Singapore: PDPC fines healthcare companies a combined SGD 68,000 for inadequate security measures
The Personal Data Protection Commission (PDPC) published, on June 22, 2023, its decision in Case No. DP-2110-B9060, in which it imposed a fine of SGD 58,400 (approx. €39,500) and SGD 10,000 (approx. €6,810) on Fullerton Healthcare Group Pte. Ltd. (FHG) and Agape, Connecting People Pte Ltd respectively, for violations of the Personal Data Protection Act 2012 (No. 26 of 2012) (PDPA), following a data breach notification.

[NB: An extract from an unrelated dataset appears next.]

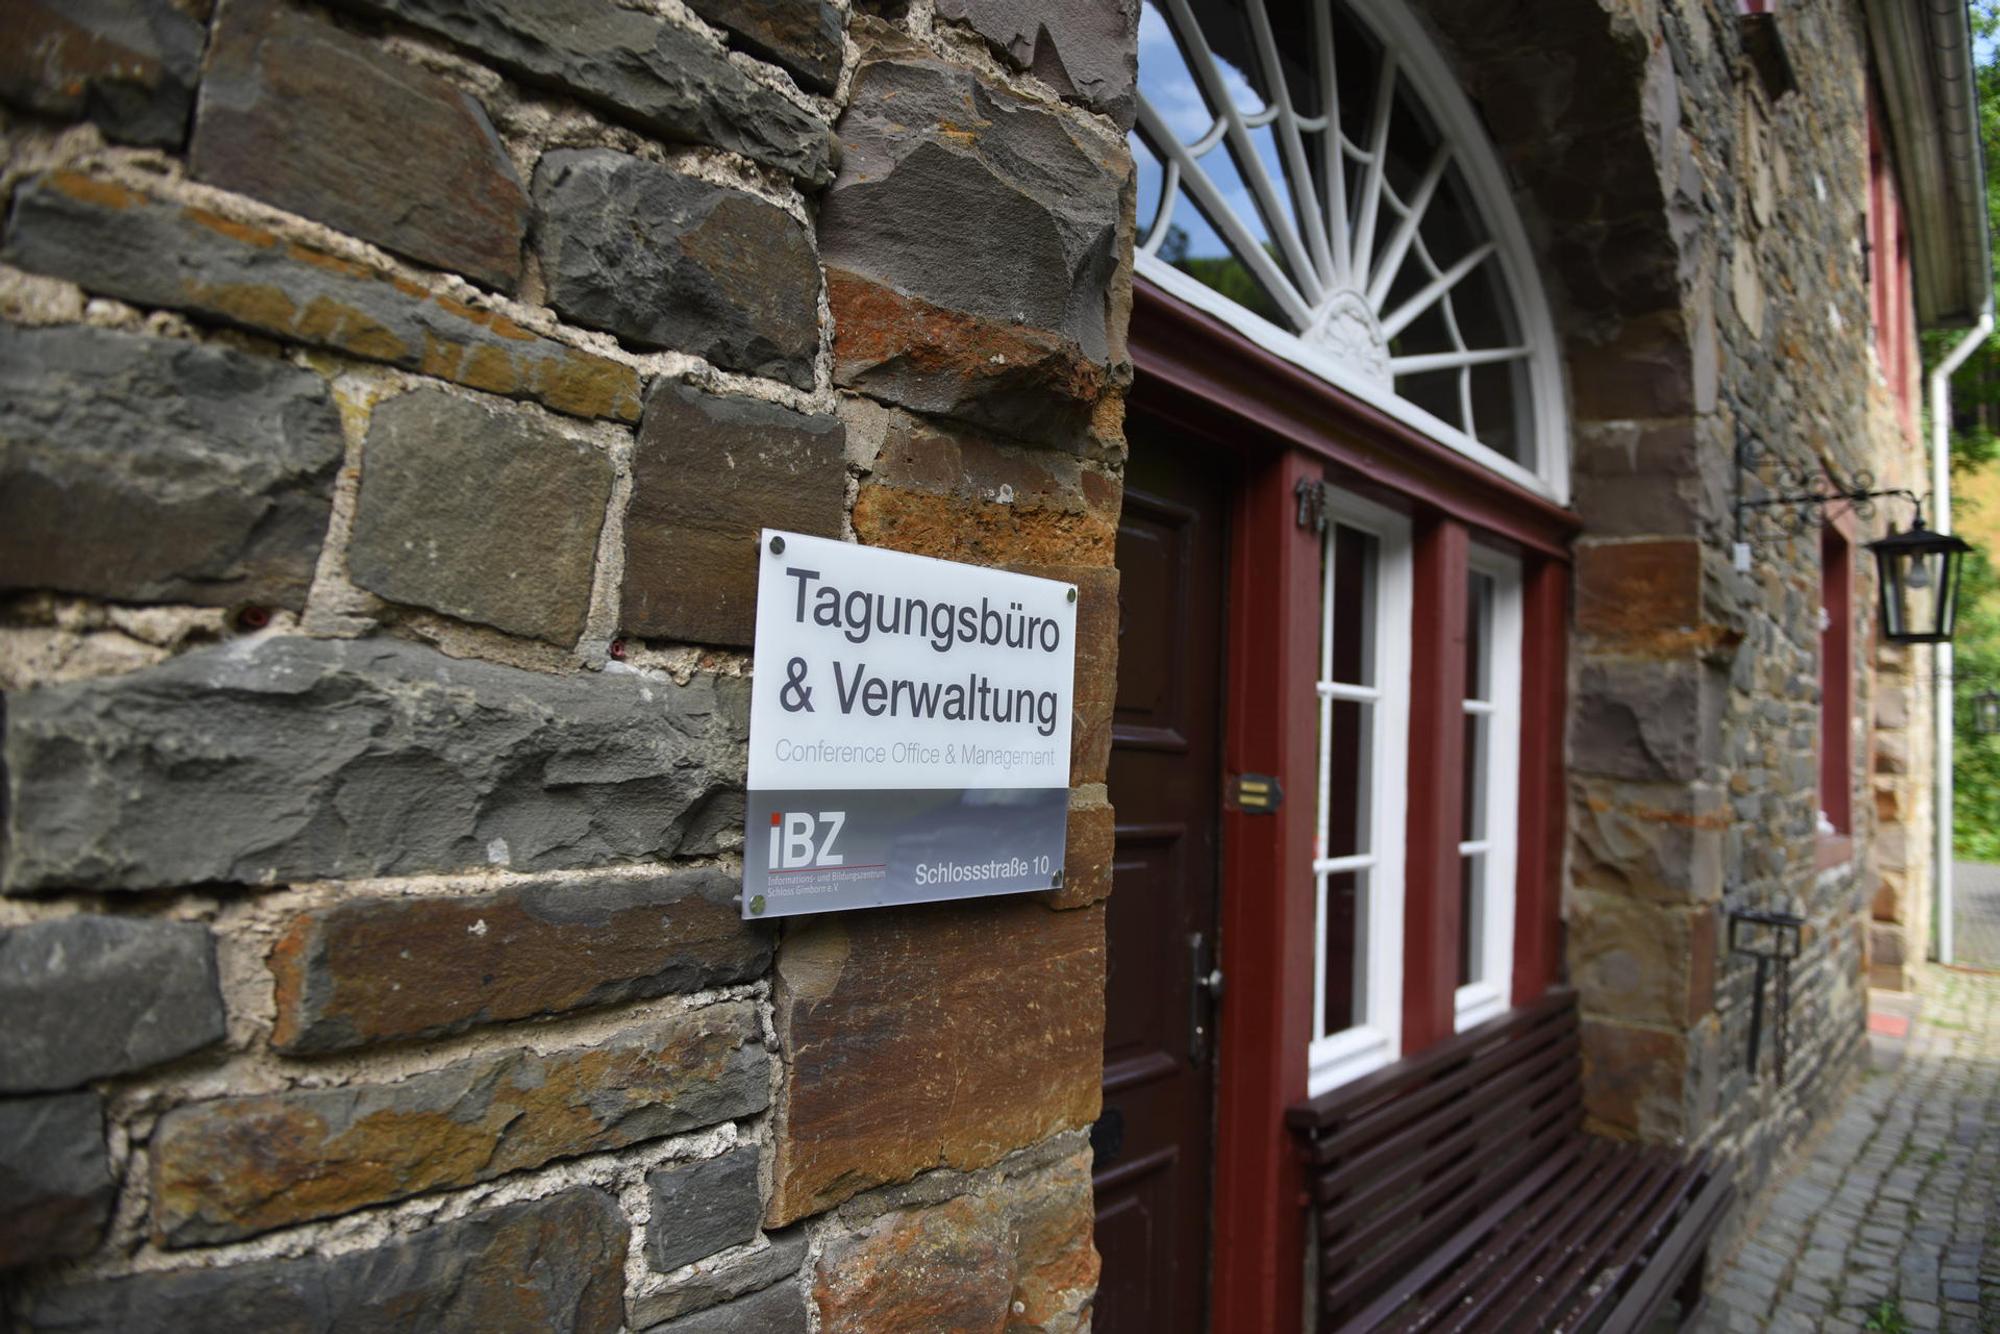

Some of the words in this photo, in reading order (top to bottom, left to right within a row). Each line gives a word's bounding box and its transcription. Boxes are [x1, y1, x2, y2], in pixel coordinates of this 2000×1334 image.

Background to the decision
In particular, the PDPC highlighted that it received notifications from both FHG and Agape in October 2021, that the personal data of FHG customers had been accessed, exfiltrated, and offered for sale on the dark web. The PDPC clarified that FHG engaged Agape to provide services for FHG's customers, that FHG provided Agape with access to the personal data of its customers via Microsoft SharePoint, and that a single Agape personal computer was authorized to access FHG's SharePoint platform.
Findings of the PDPC
Following its investigation, the PDPC found that the personal data of 156,900 individuals was accessed, namely 133,866 patients of FHG and 23,034 employees of FHG's corporate clients. The personal data accessed included name, date of birth, gender, email address, telephone number, financial information, health information, as well the passport numbers of employees. Accordingly, both FHG and Agape were found to have failed to implement reasonable security arrangements to protect the personal data accessed and exfiltrated, in violation of Section 24 of the PDPA. More specifically, Agape, as an intermediary, was also found to have breached the protection obligation in relation to customer data, in violation of Section 4(2) of the PDPA.
The PDPC imposed the aforementioned fines for the violations of the PDPA, taking into account FHG's and Agape's remedial actions and that they were cooperative during the investigation.
In addition, the PDPC imposed corrective actions requiring FHG to:
- review processes and contractual obligations with Agape and existing vendors processing personal data on behalf of FHG; and
- review existing internal processes to ensure that only personal data necessary for fulfilling contractual obligations are disclosed to vendors via secured channels and with reasonable access controls considering the type and volume of personal data being disclosed.
Likewise, the PDPC imposed corrective actions requiring Agape to:
- ensure that the scope of its periodic security reviews and any security audits include the protection of personal data handled in all of Agape's systems and processes; and
- resolve and record in writing with FHG the data protection requirements and job specifications for the processing of personal data on behalf of FHG.